Carmelo Ríos lamenta tráfico humano de adictos puertorriqueños a Filadelfia

El representante estatal de Filadelfia Ángel Cruz presidió las vistas públicas para crear una legislación que cese el tráfico humano de usuarios de drogas puertorriqueños a Filadelfia y examinar los “malos tratos” que reciben en los centros de tratamiento. “El ‘puente aéreo’ sólo empeora lo que es la peor epidemia de salud pública que Pennsylvania haya enfrentado”, refiriéndose al abuso de opioides.

La investigación surge luego que en el pasado noviembre los medios Inquirer y Daily News reportaron un patrón de explotación que se extiende desde el Caribe al Norte de Filadelfia que ha aumentado el número de personas sin hogar en la ciudad, el número de familias rotas y los derechos humanos han sido violentados.

Frecuentemente, los grupos religiosos locales que dirigen centros de tratamiento a drogas en Kensington y Frankford son parte del “tráfico humano”, en algunos casos viajan a Puerto Rico para atraer a los usuarios y a otros programas de tratamiento de drogas en la Isla para que envíen a los usuarios de drogas.

Los grupos religiosos se han unido con alcaldes, policías, pastores y organizaciones que brindan tratamiento a drogas en Puerto Rico para prometerles un paraíso en Filadelfia, donde los usuarios problemáticos a la heroína de la isla pueden salir de sus hábitos de drogas en instalaciones parecidas a las de un hotel.
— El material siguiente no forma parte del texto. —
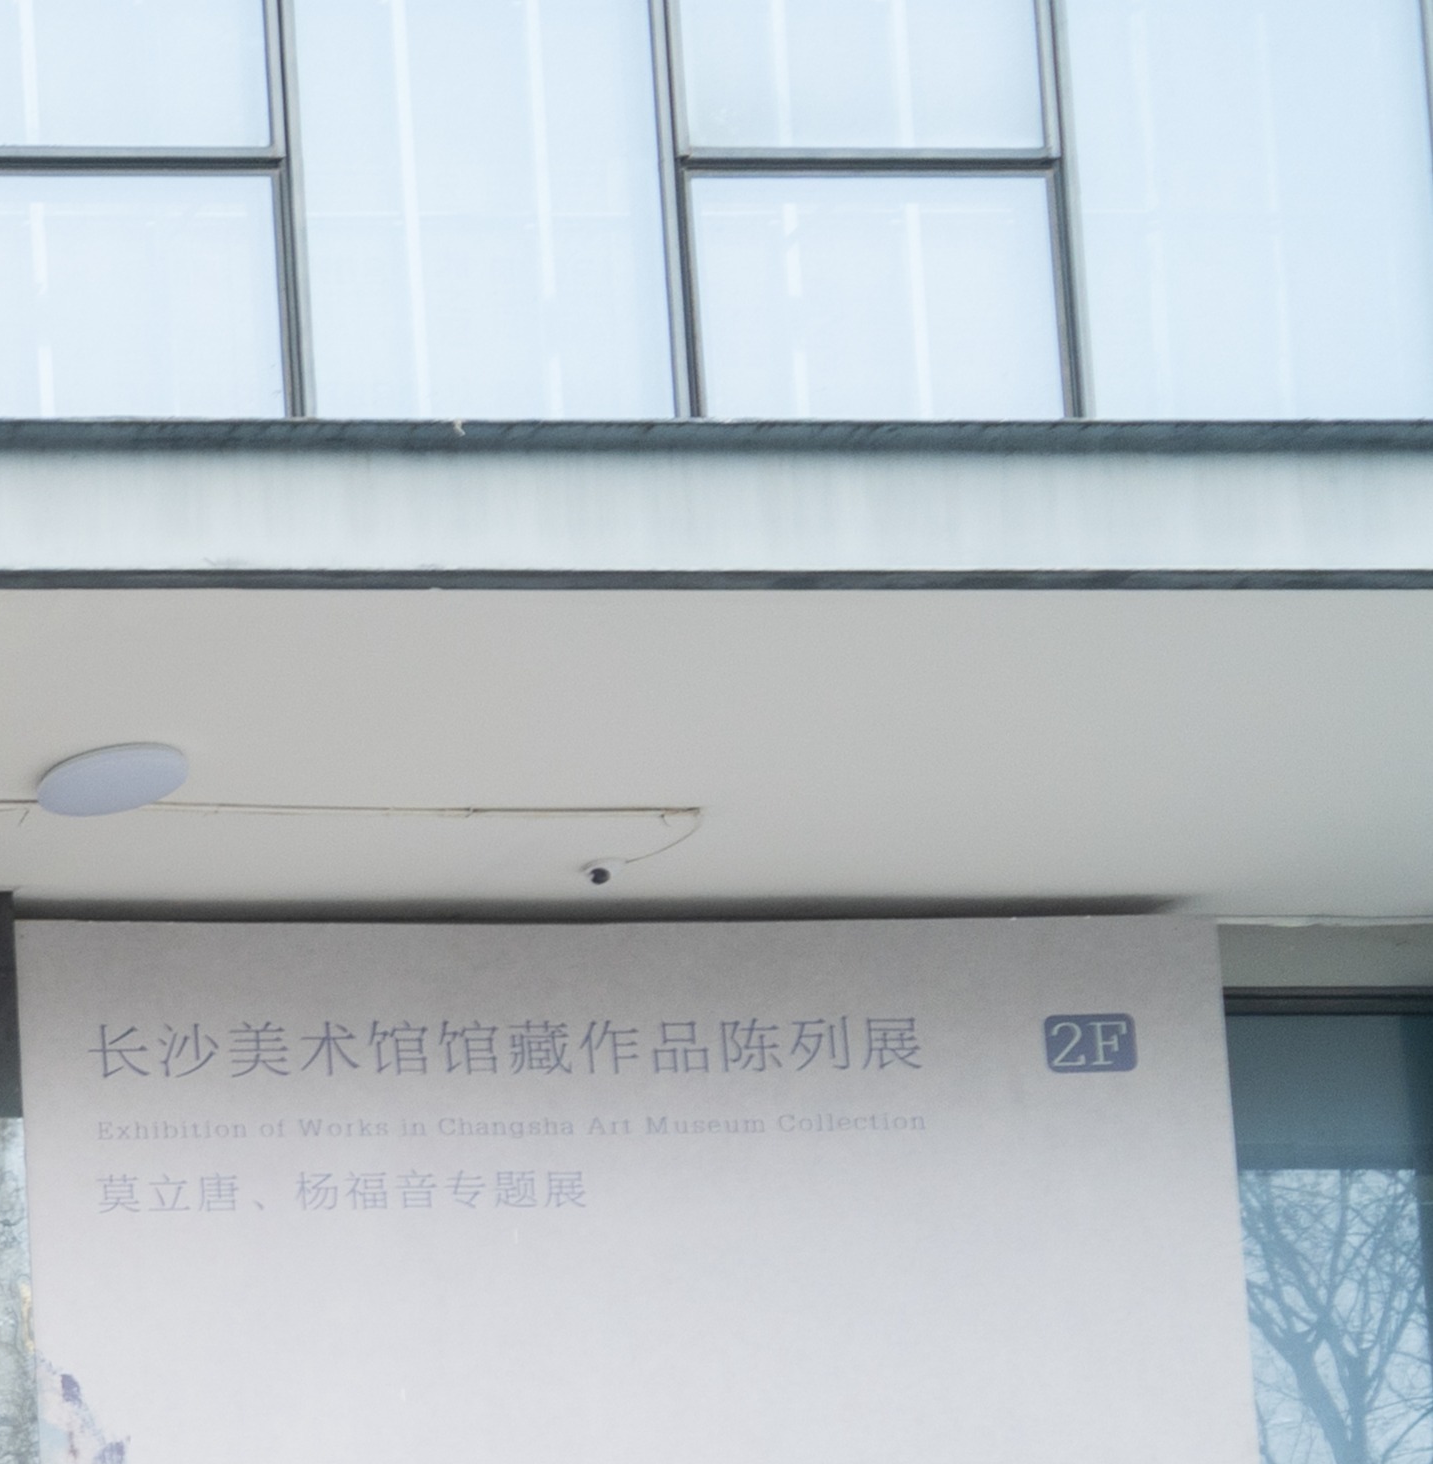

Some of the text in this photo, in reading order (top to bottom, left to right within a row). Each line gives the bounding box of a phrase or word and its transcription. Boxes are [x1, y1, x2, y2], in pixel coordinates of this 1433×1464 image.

[88, 1016, 922, 1079] 长沙美术馆馆藏作品陈列展
[1051, 1020, 1128, 1067] 2F
[97, 1111, 927, 1141] Exhibition of Works in Changsha Art Museum Collection
[97, 1169, 587, 1214] 莫立唐、杨福音专题展
En cambio, los usuarios que vienen aquí se encuentran en centros de tratamiento sin recursos donde muchos alegan que son maltratados, despojados de los beneficios de asistencia social y no les ofrecen la ayuda prometida.

En ocasiones, terminan abandonando estos lugares y se refugian en aglomeraciones de adictos como el Fairhill’s “El Campamento”, donde habitan alrededor cientos de usuarios de drogas, mayormente puertorriqueños, en los remantes verdes cercanos a las vías del tren.

Por su parte, el senador de Puerto Rico, Carmelo Ríos, participó de la audiencia pública de la Cámara de Representantes de Filadelfia para discutir sobre el “trato espantoso” que reciben los usuarios de drogas atraídos a la ciudad por falsos programas de tratamiento.

Carmelo Ríos Santiago agregó que cualquier investigación federal “tiene que comenzar en Puerto Rico”. Sin embargo, el líder de la mayoría del Senado puertorriqueño reveló que el Departamento de Justicia de los Estados Unidos en la isla estaba “mirando el problema”, resaltó al medio Inquirer.

“Lloré cuando me enteré de esto”, señaló Carmelo Ríos en la audiencia. “no podía creer que estuviera ocurriendo en 2017” una forma de tráfico de seres humanos. Ríos aseguró que el ‘puente aéreo’ de usuarios de drogas van a detenerlo en Puerto Rico. “El tráfico humano no puede ser en el Siglo 21”, recalcó el legislador que en los últimos años se ha opuesto a las reformas a las políticas de drogas en la Isla.

“A las mujeres las obligan a prostituirse, a hombres los obligan a que entreguen su información y luego cuando se van a deambular porque no tienen el tratamiento que necesitan, vemos personas que se aprovechan con robos de identidad. Es un esquema que se repite en distintos estados, conocemos casos de New Jersey, en Chicago, y en Puerto Rico estamos investigando hace semanas de donde surge la recomendación para que lleguen aquí, no todos llegan por el sistema de gobierno, la gran mayoría viene por los familiares y personas que le venden la idea”, señaló Ríos a Univisión Chicago.

Asimismo, “la falta de fondos de Medicaid en Puerto Rico, donde medio millón de puertorriqueños se van a quedar sin cobertura si el Congreso no actúa, tan temprano como este año, van a ver 100 o 200 mil puertorriqueños que van a venir, van a venir a Filadelfia y a otros estados porque no van a tener recursos. Y lo lógico es que como ciudadanos americanos van a mudarse. Y van a venir drogodependientes y personas que tienen necesidades por enfermedades que en Puerto Rico no van a poder cubrir, es una desgracia y el Congreso tiene que actuar ya”.

Ríos agradeció a los representantes de Filadelfia por dejarle ver esto de primera mano, “una cosa es que te hablen pero otra cosa es verlo. Y verlo sufrir, porque las personas luego de deponer lloran. Porque la experiencia ha sido brutal en su vida,” concluyó el senador que se negó a la “despenalización” del cannabis de la pasada administración.